Trumbull obtains grants for sewers


By Ed Runyan

runyan@vindy.com

WARREN

While Trumbull County officials have worked diligently in recent years to provide sewers to the county’s low-to-moderate-income areas that pollute sewage into the environment, they also have spent a great deal of time providing sewers to neighborhoods whose residents are willing to pay the entire cost for them.

Putting those two categories of projects together, the county sanitary engineer’s office received $16.4 million in grant money from the state and federal governments since 1998 — or 50.5 percent of the $32.5 million cost to provide the sewers.

“To have over 50 percent of the money associated with the projects to come from grants — free money — that’s a very good number,” said Rex Fee, executive director of the sanitary engineer’s office.
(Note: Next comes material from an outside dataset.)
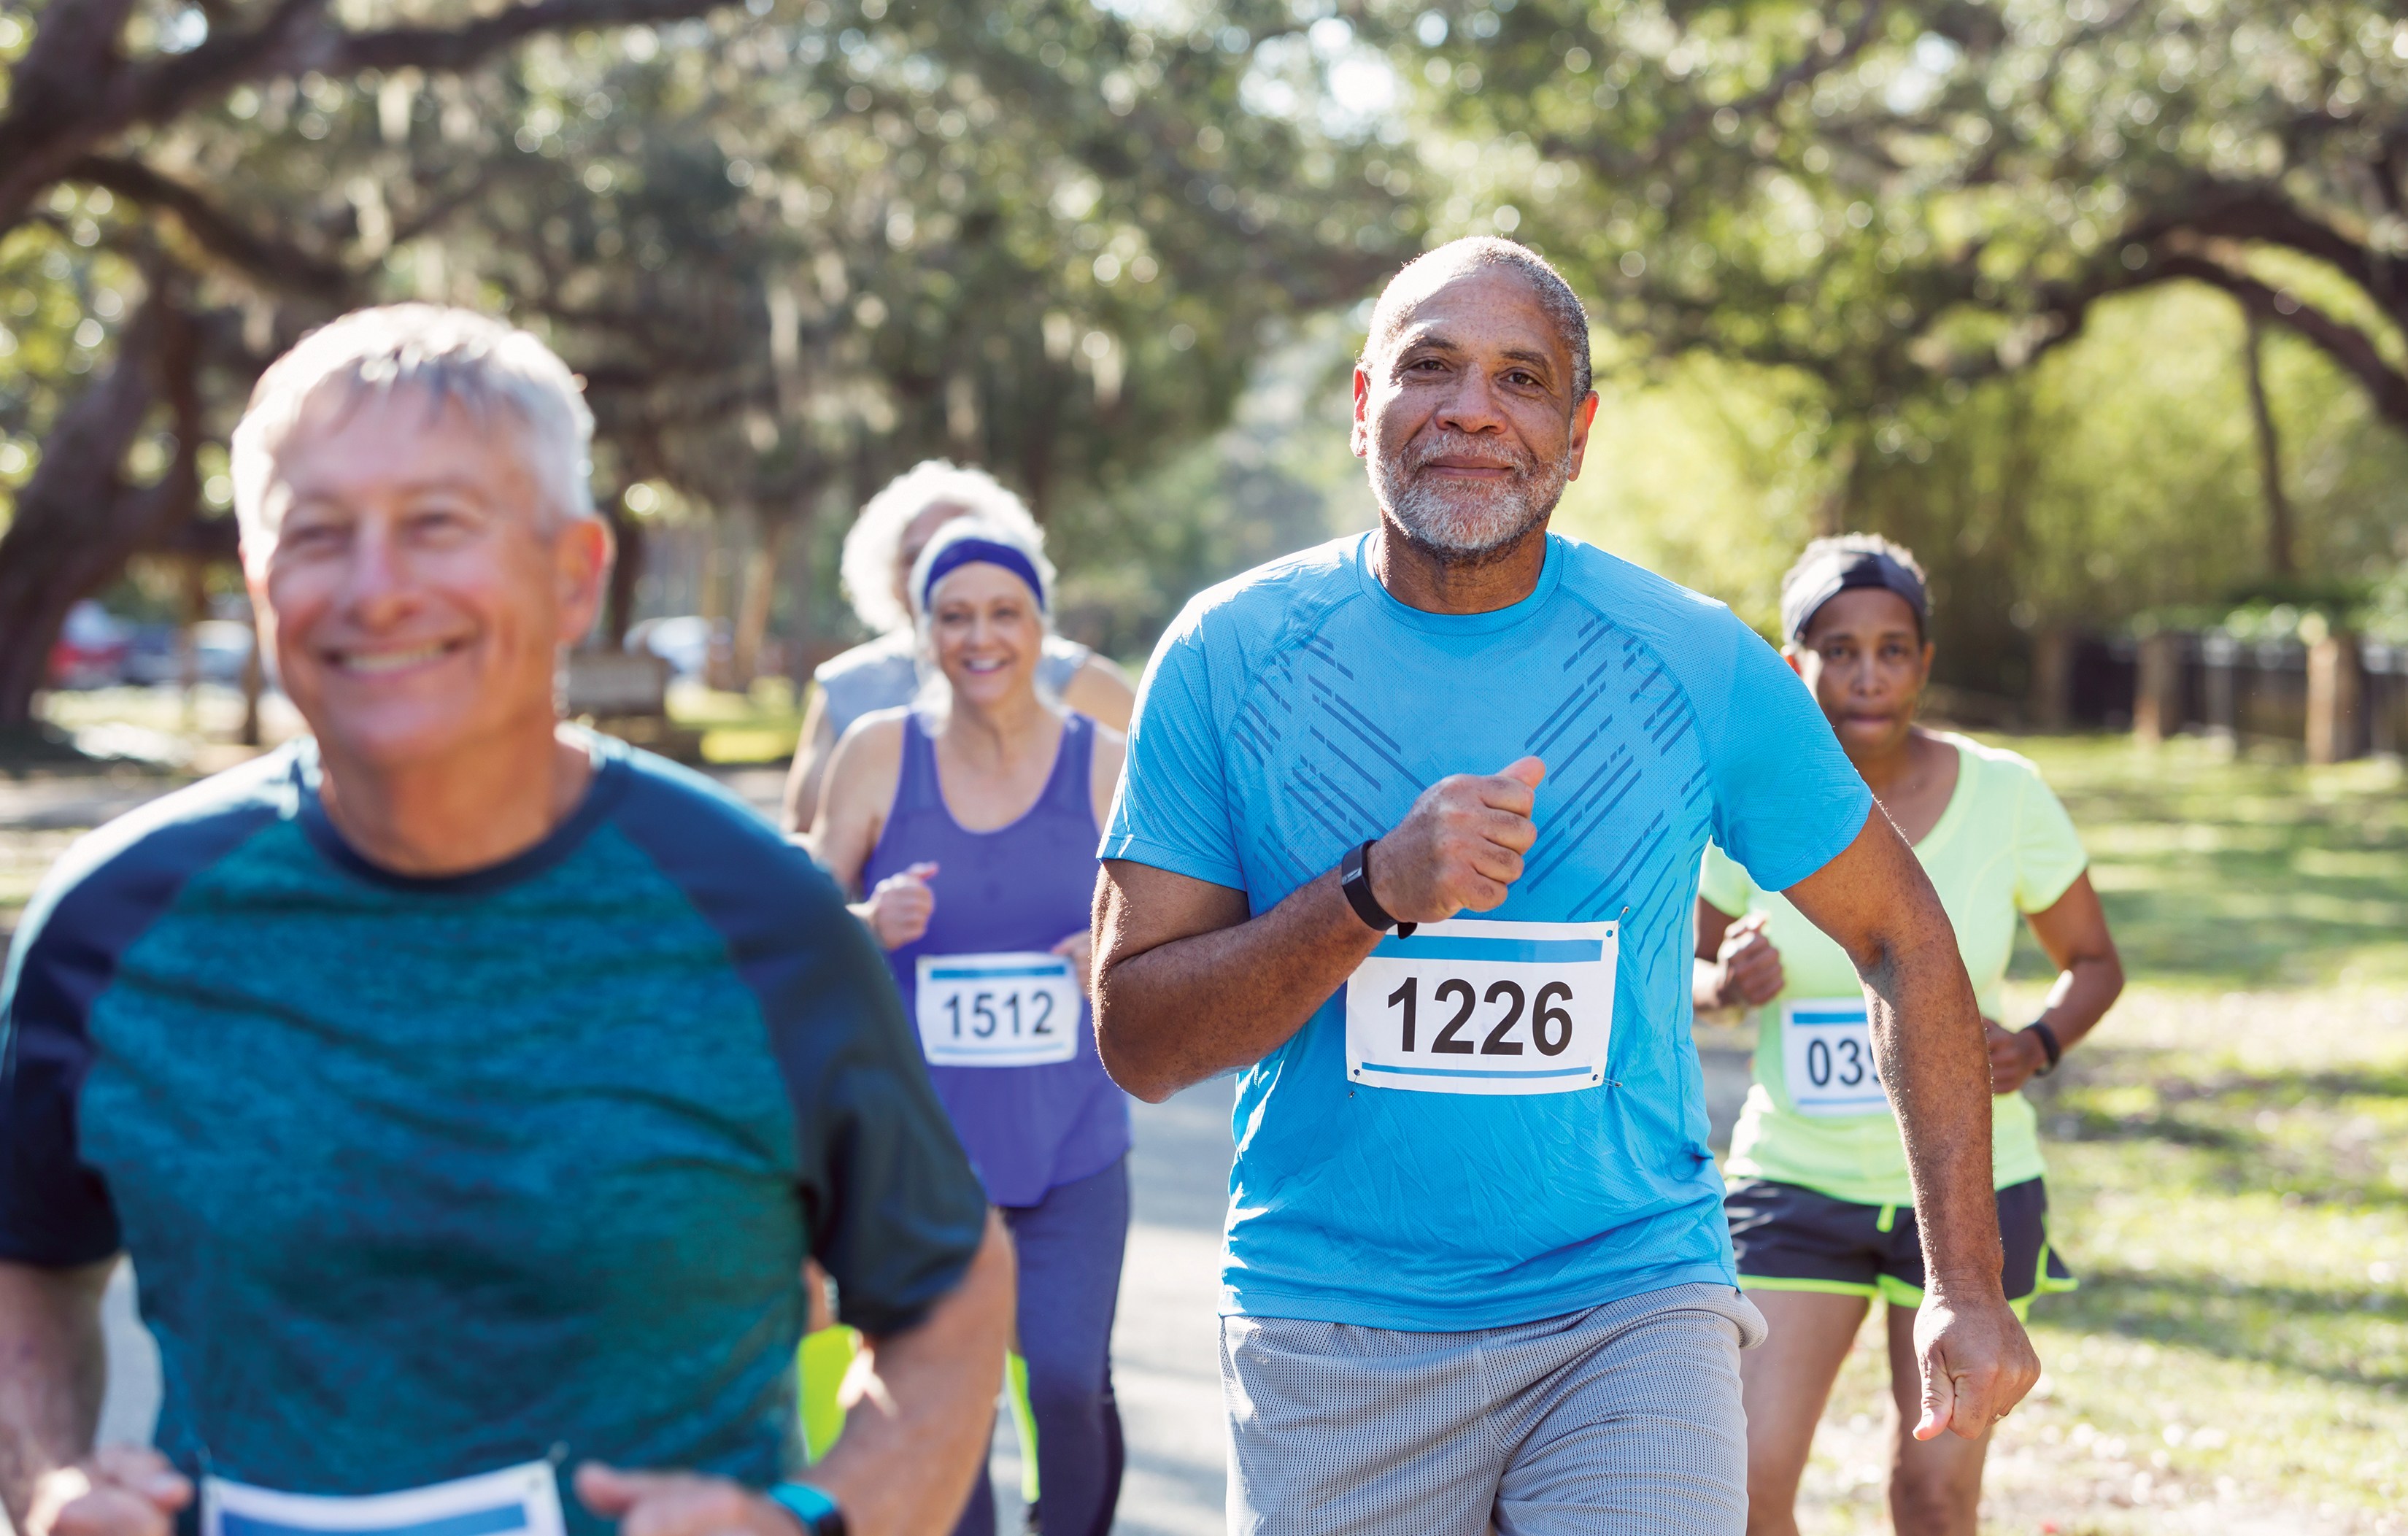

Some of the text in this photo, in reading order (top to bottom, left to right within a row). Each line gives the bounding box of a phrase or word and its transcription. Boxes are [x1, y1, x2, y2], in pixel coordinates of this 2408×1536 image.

[944, 990, 1054, 1038] 1512
[1388, 976, 1573, 1057] 1226
[1808, 1038, 1881, 1087] 03
An annual report Fee’s office generated recently says about $9 million in grants were the result of grant applications from the Trumbull County Planning Commission; the other $7.4 million came from grant applications from Fee’s department.
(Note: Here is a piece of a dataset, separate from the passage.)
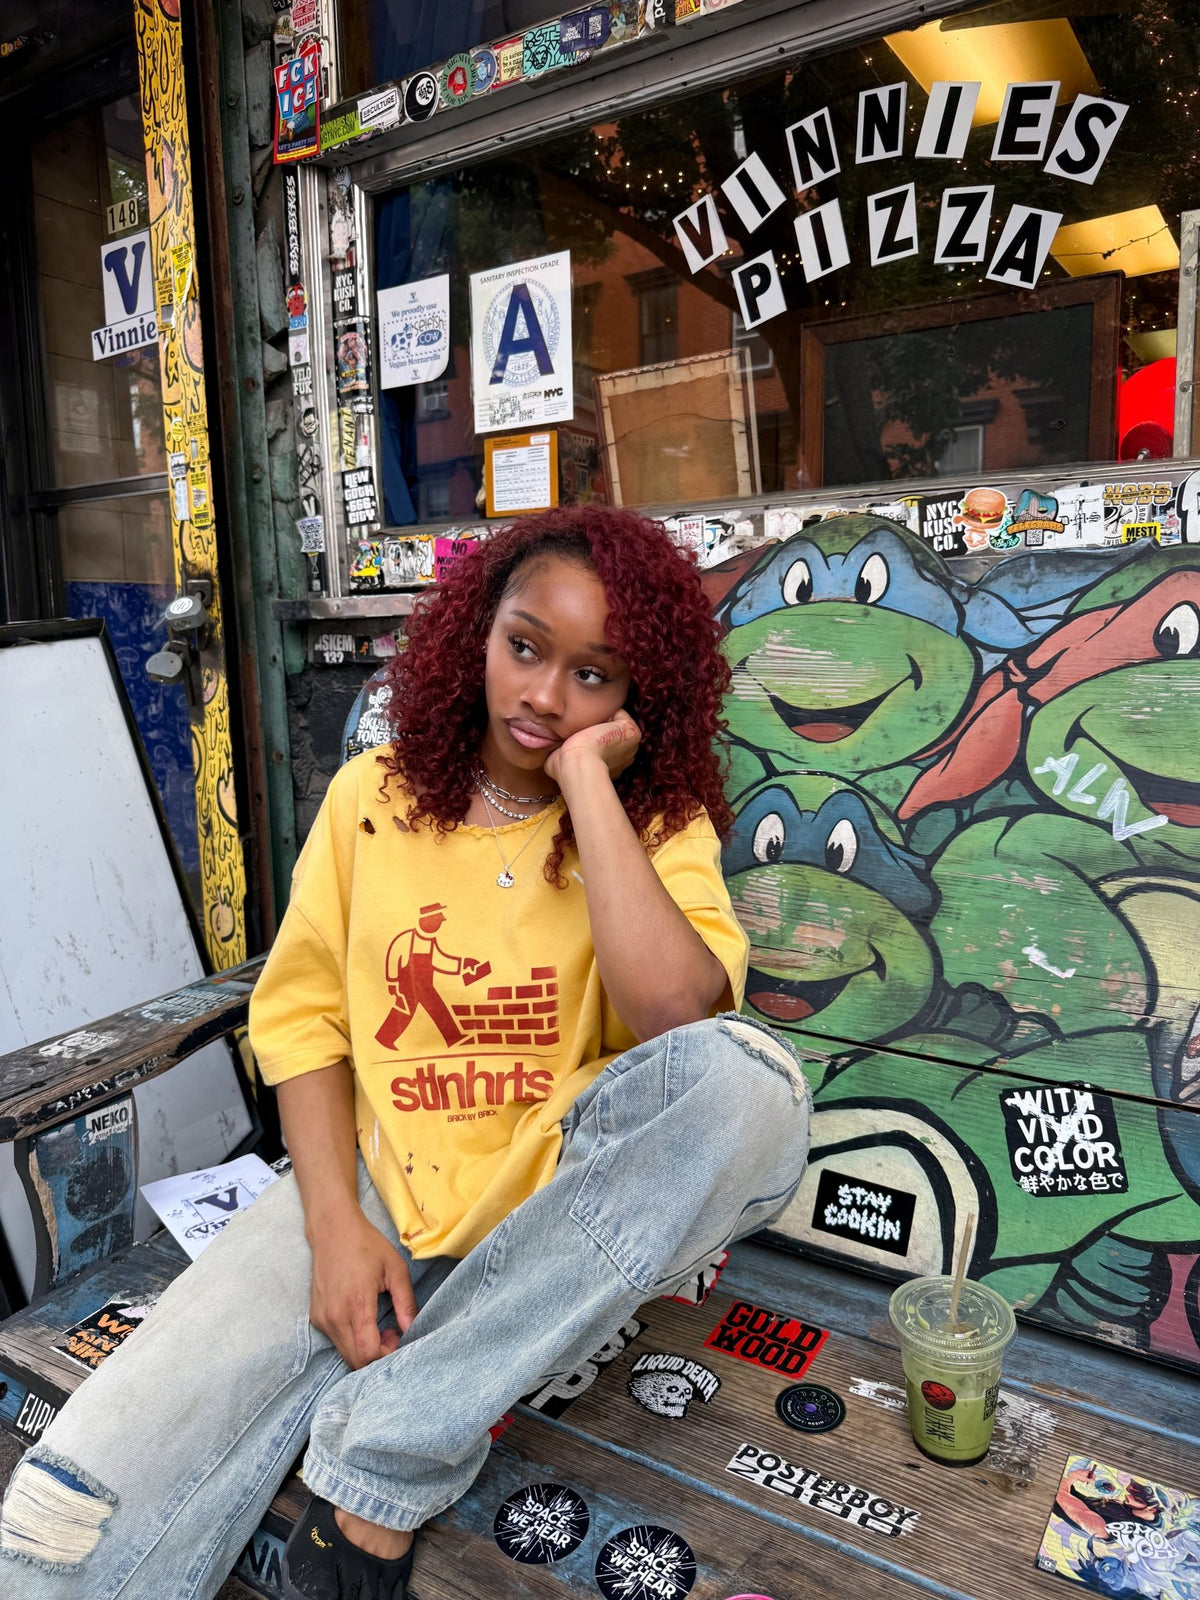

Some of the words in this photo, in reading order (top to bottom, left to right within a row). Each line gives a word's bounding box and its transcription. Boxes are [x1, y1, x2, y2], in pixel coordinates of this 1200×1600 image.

The engineer’s office also secured $16 million in low-interest loan money during that time.

“We did a lot of work to generate that,” Fee said of the grant applications.

Fee has said the county is building more feet of sewers every year than practically any other county in the state.

One reason is that Trumbull does qualify for a significant amount of grant funding for sewers because of the consent agreement signed in 2007 by the county and the Ohio Environmental Protection Agency that indicates the county must abate sewage problems in a variety of “unsewered areas of concern” by specific dates.

The percentage of the cost being paid for with grant money is all the more impressive given the list of projects completed in recent years that didn’t involve any grant funding, such as sewer projects completed in 2007 for Henn-Hyde Road and Devon Drive, both in Howland Township, Fee said.

The greatest challenge in future years will be to stay on schedule in building sewers in low- to moderate-income areas such as Meadowbrook, just west of Warren, along the Mahoning River and North Leavitt Road in Warren Township.

The project is on order for completion of $12 million in sewers to serve 600 homes by 2015. That project may need to be moved back to 2020, however, Fee said.

Payment history for water customers in that area suggests there could be problems collecting the capital charges for new sewers, Fee said. If residents don’t pay their capital charges — the monthly fee for their portion of the construction of the sewers — the cost falls to other customers, Fee said.